A novelist who isn't having fun will tend to write beautifully and powerfully, but may go an entire novel without cracking a joke, without displaying a sense of humor. In short, they seem stressed, and I've literally seen this stressed attitude destroy writers, because each time that they write a story, they try harder and harder to be better. Their works become ponderous and "fraught with meaning," and eventually the over-stressed writer learns to hate his or her job. They don't just lose their sense of humor, but there isn't any warmth or joy or charm or life in their works.

Such writers never quite seem to understand the value of Shakespeare's words, "The play is the thing." If I were to paraphrase what I think he was saying, I'd simply put it, "Play as you work. Enjoy what you're doing, and your reader will, too."

The importance of that came to me after I finished my first little Star Wars novel. I had to come up with a new project. I had a couple of goals. First, I had been labelled as a "science fiction writer," but I wanted to write fantasy, too. So I was looking for ways to edge closer to fantasy. At the same time, I had a Star Wars novel coming out, and I wanted to capture that audience, too. So I wanted to write something that had some playfulness to it.

I came up with an idea that was originally called The Forward Woman and the Backward Man, a tale about a woman from a futuristic world who falls in love with a bodyguard from a very backward planet. I sent the proposal in to my editor at Bantam, and she loved it. But Bantam's parent company really wasn't committed to science fiction at all, and the offer showed that.

So my agent called and asked if I would be willing to pitch the novel to Tor. She asked if I could get a proposal to her in two hours. That wasn't hard, since I'd already worked one up. But then she called a few minutes later and said that Tor liked it so much, they wanted two more book proposals of different books by early afternoon. So I outlined two more novels out of thin air, and she said that they wanted those, and asked for four more different proposals by the next morning. I outlined those, and Tor wanted them, too, but I decided that I really didn't want to have a seven-book deal, and so we dialed the contract back to just three books.
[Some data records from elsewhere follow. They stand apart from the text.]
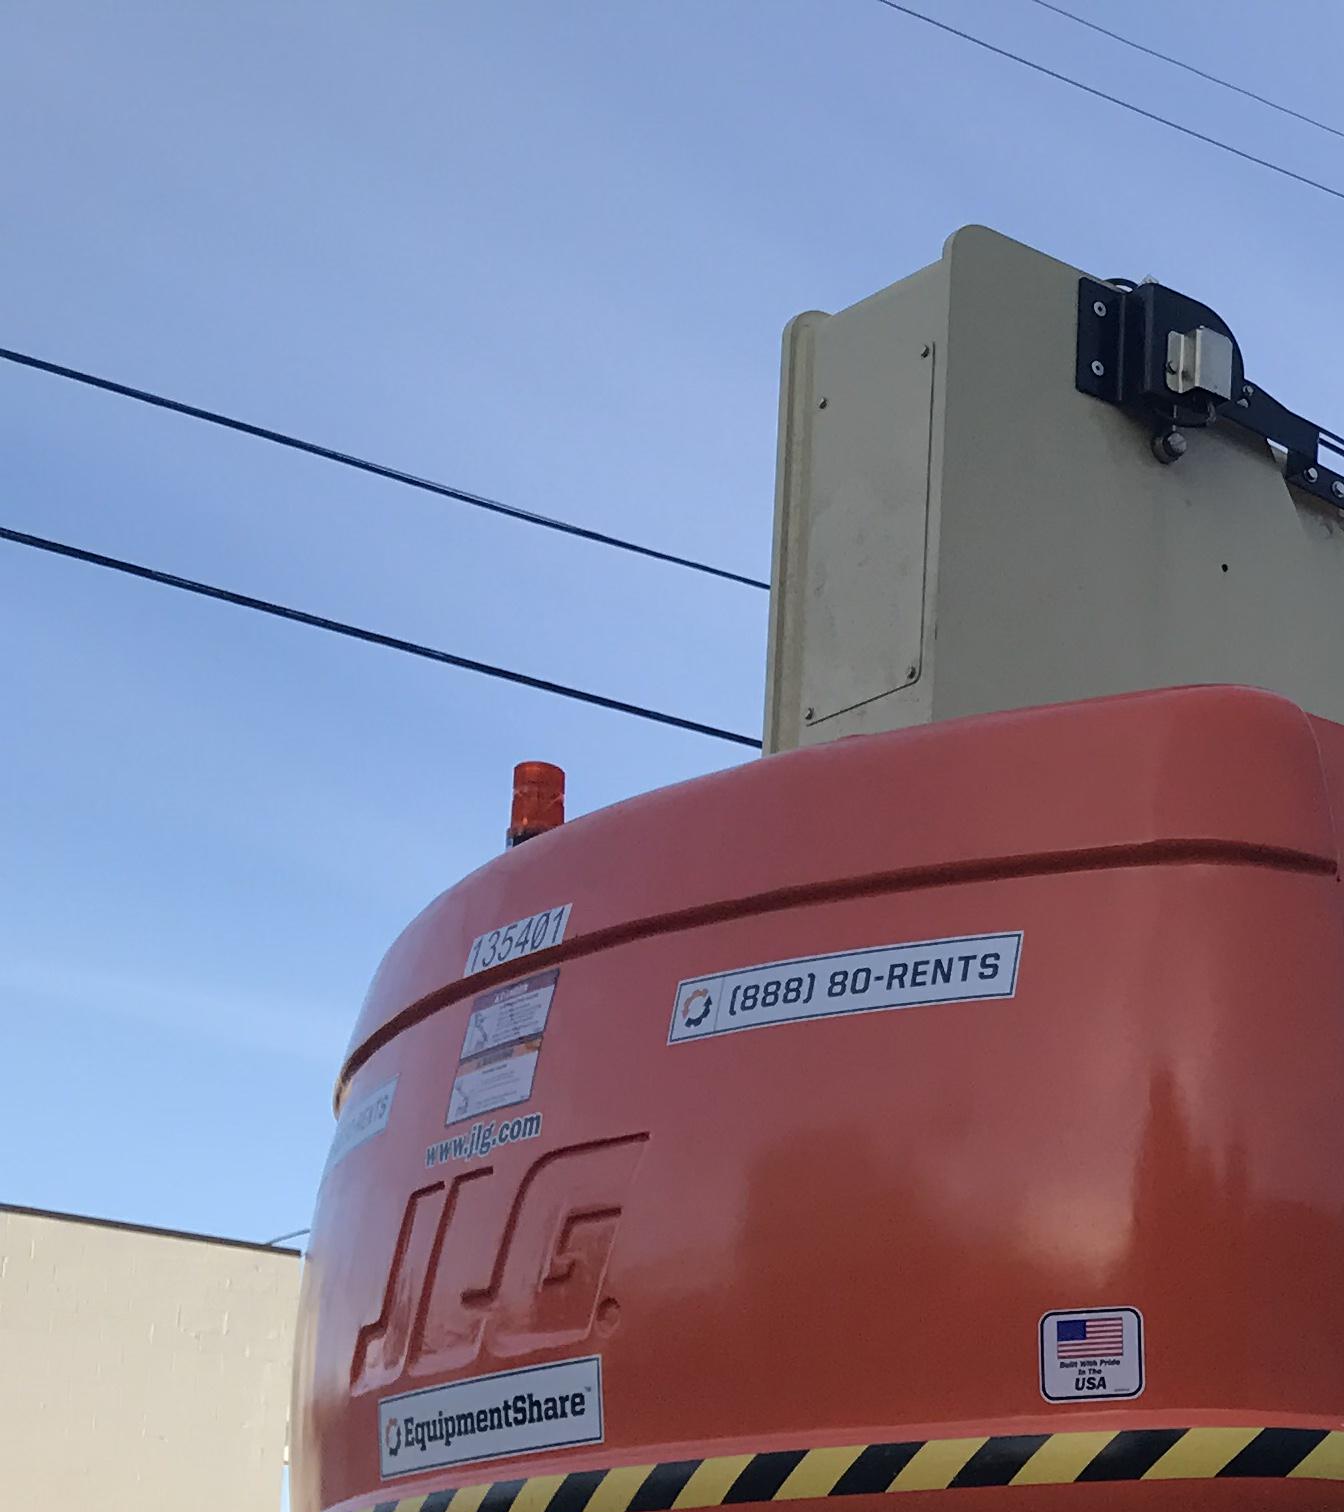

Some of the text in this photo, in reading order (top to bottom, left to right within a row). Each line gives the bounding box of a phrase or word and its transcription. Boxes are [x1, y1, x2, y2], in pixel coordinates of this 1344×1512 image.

[470, 905, 566, 973] 135401
[728, 951, 1001, 1017] (888) 80-RENTS
[425, 1113, 542, 1166] www.jlg.com
[350, 1131, 650, 1397] JLG
[1060, 1360, 1077, 1369] Built
[1100, 1358, 1121, 1367] Pride
[1074, 1376, 1107, 1392] USA
[404, 1391, 587, 1451] EquipmentShare
Tor's advances weren't much higher than those at Bantam, but the offer included a hardcover release, and a hardcover novel sale will bring you four or five times as much as a paperback sale, so I figured that the royalties would be much higher.

As I began the novel that would become , I decided not to write about any big serious topics. I'd been writing about the biological influences that led to concepts of "good and evil," about the traumatic effects of child abuse, about the relationship between commitment and love—and I felt mentally exhausted.
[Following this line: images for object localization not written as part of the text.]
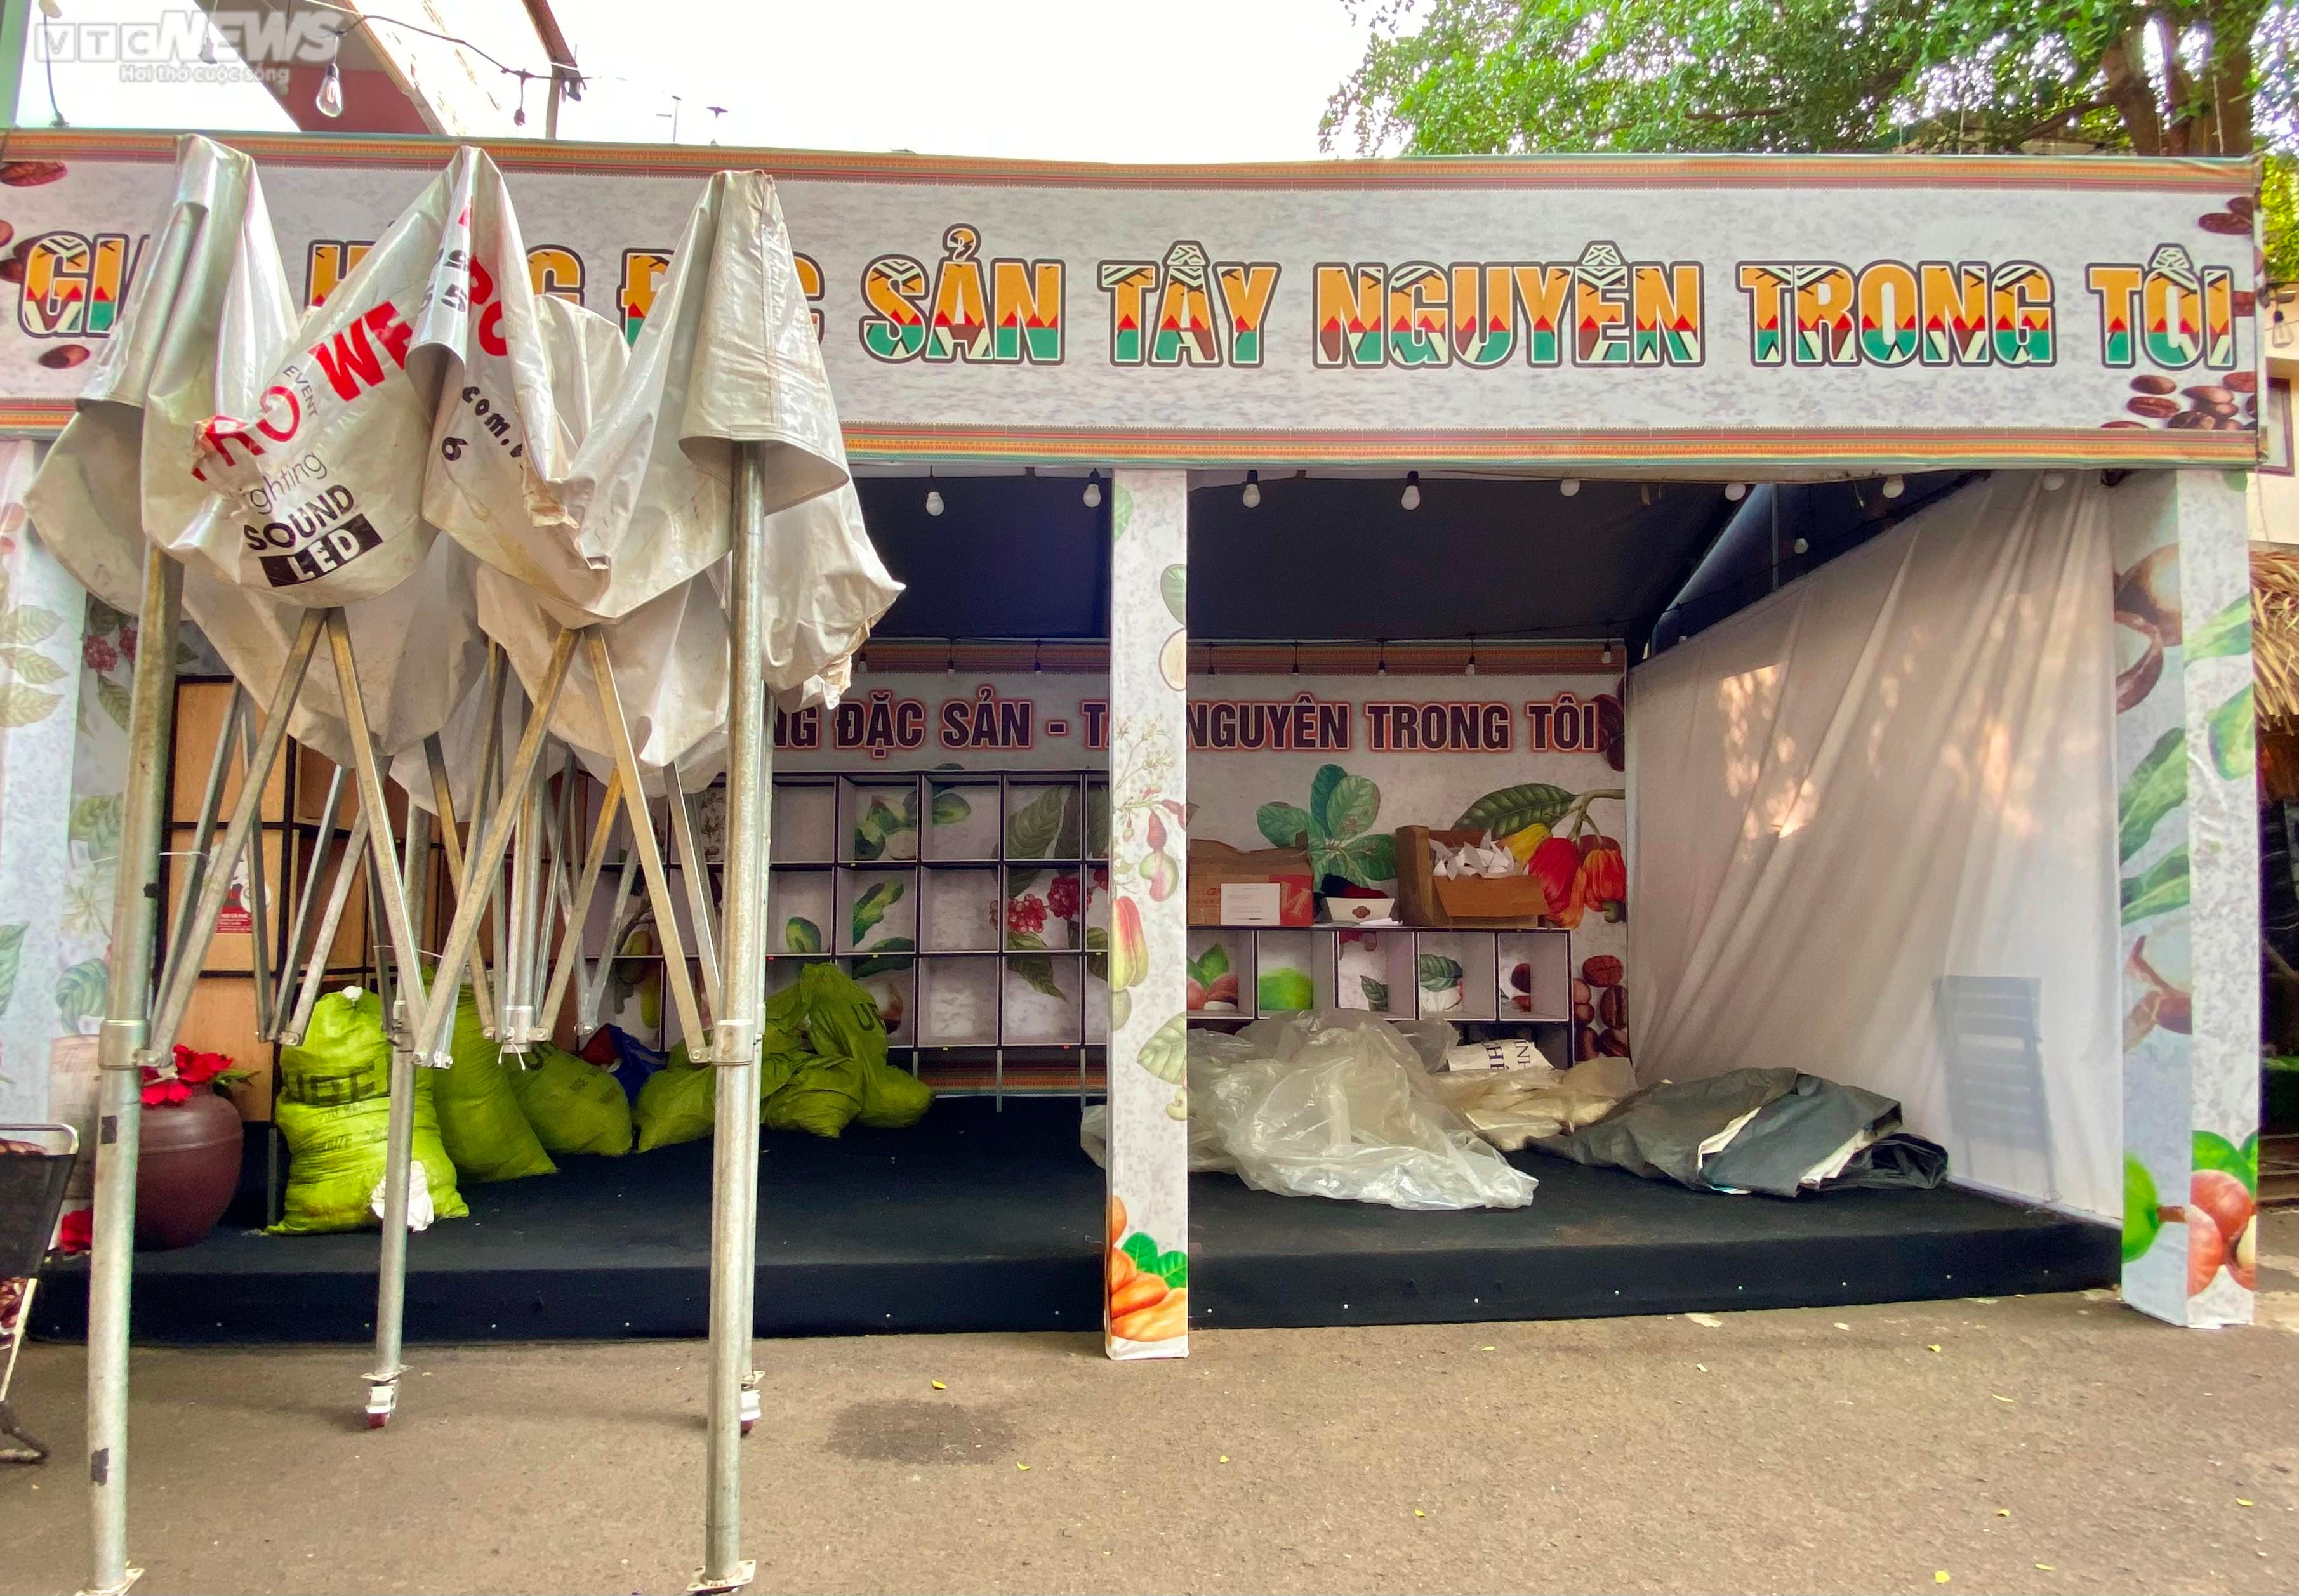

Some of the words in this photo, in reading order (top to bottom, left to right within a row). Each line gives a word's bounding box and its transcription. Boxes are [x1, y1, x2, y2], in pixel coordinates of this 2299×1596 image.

[859, 223, 1066, 366] SẢN
[1097, 241, 1281, 368] TÂY
[1313, 241, 1706, 369] NGUYÊN
[1736, 260, 2057, 368] TRONG
[2086, 243, 2237, 370] TÔI
[283, 366, 318, 417] EVENT
[244, 484, 354, 550] SOUND
[286, 528, 360, 581] LED
[835, 690, 925, 759] ĐẶC
[942, 685, 1033, 749] SẢN
[1186, 693, 1350, 750] NGUYÊN
[1364, 702, 1511, 751] TRONG
[1525, 693, 1600, 752] TÔI
So with my next book, I decided to "write about nothing." Instead, I just wanted a book that would transport the reader to strange new worlds and let them have fun along the way.
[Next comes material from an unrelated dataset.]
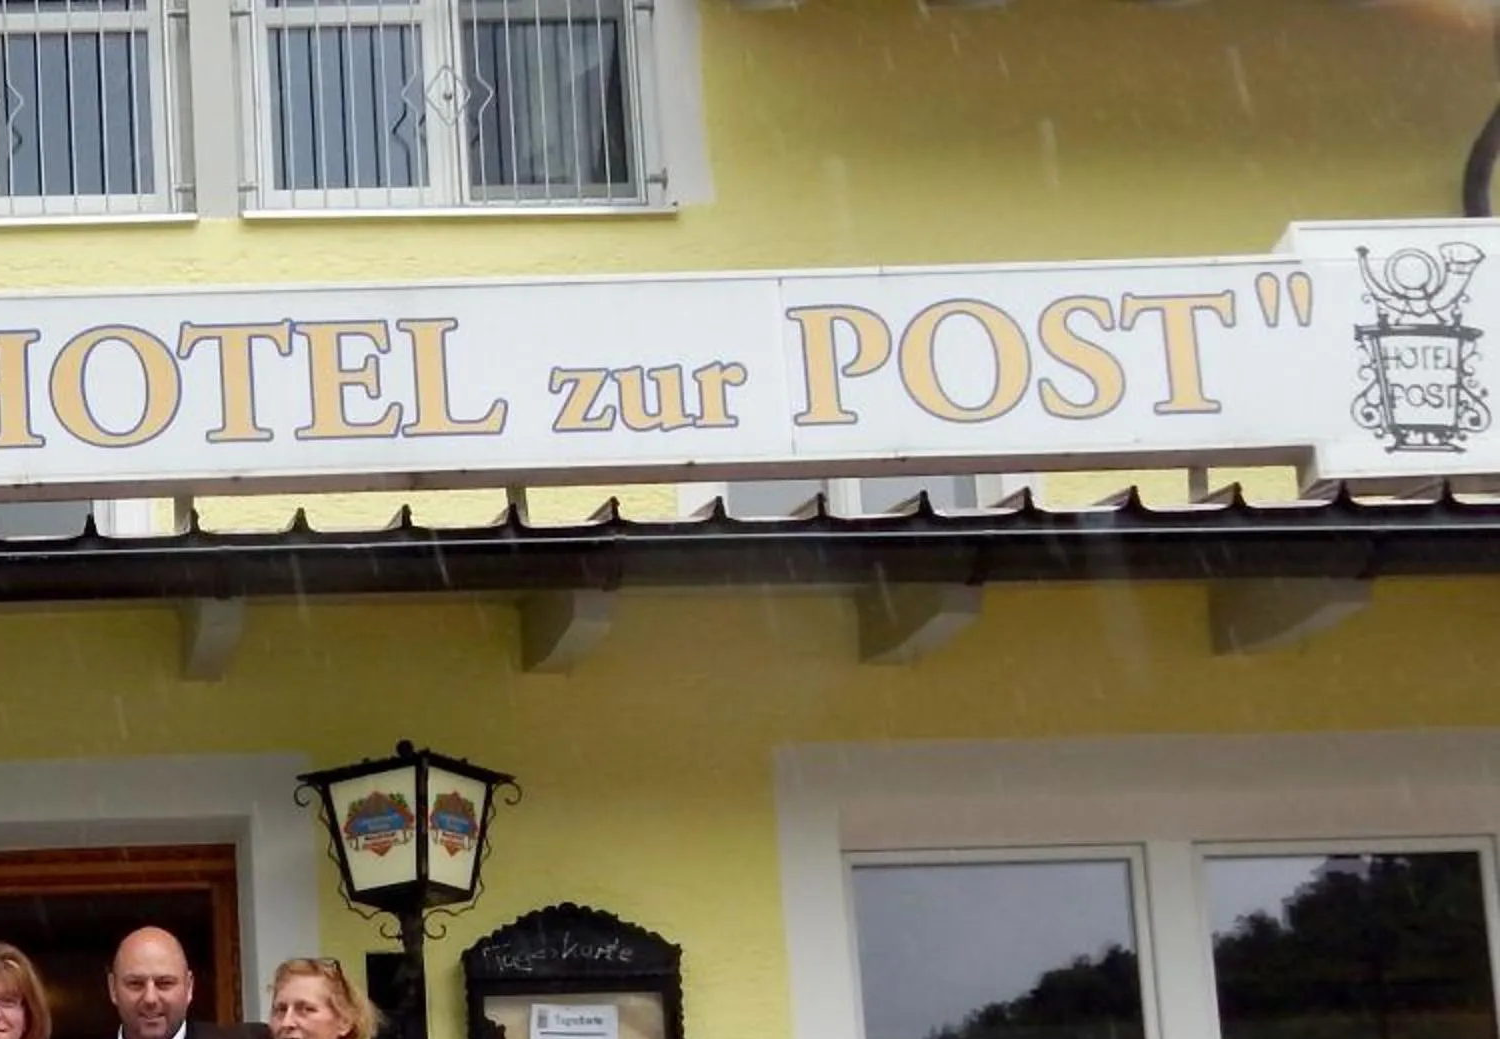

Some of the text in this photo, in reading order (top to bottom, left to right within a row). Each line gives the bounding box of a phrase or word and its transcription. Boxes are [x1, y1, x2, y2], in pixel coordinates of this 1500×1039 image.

[1382, 345, 1457, 370] HOTEL
[548, 360, 748, 432] zur
[1389, 383, 1457, 409] POST
But I soon learned that I had a problem. I'm not that shallow. Deeper themes kept creeping into the novels. Oh well, I decided. The important thing to me was to learn to relax as I wrote, and I made it through The Golden Queen and had fun. But I was worried about how it would be received.

I mean, I decided to write a book set on a planet where people had been biologically engineered to speak with an Irish accent. One of my main characters was a talking bear who wanted to be a Catholic priest. It featured an interstellar war with bug-eyed monsters. It didn't sound at all like high literature, and I figure that the critics would probably knife me.

You see, it sometimes seems to me that critics get all wrapped up in "high seriousness," too. They're out looking for novels that are important and fraught with meaning. But my literary theories suggest that you may be missing the mark when you look at a book that way.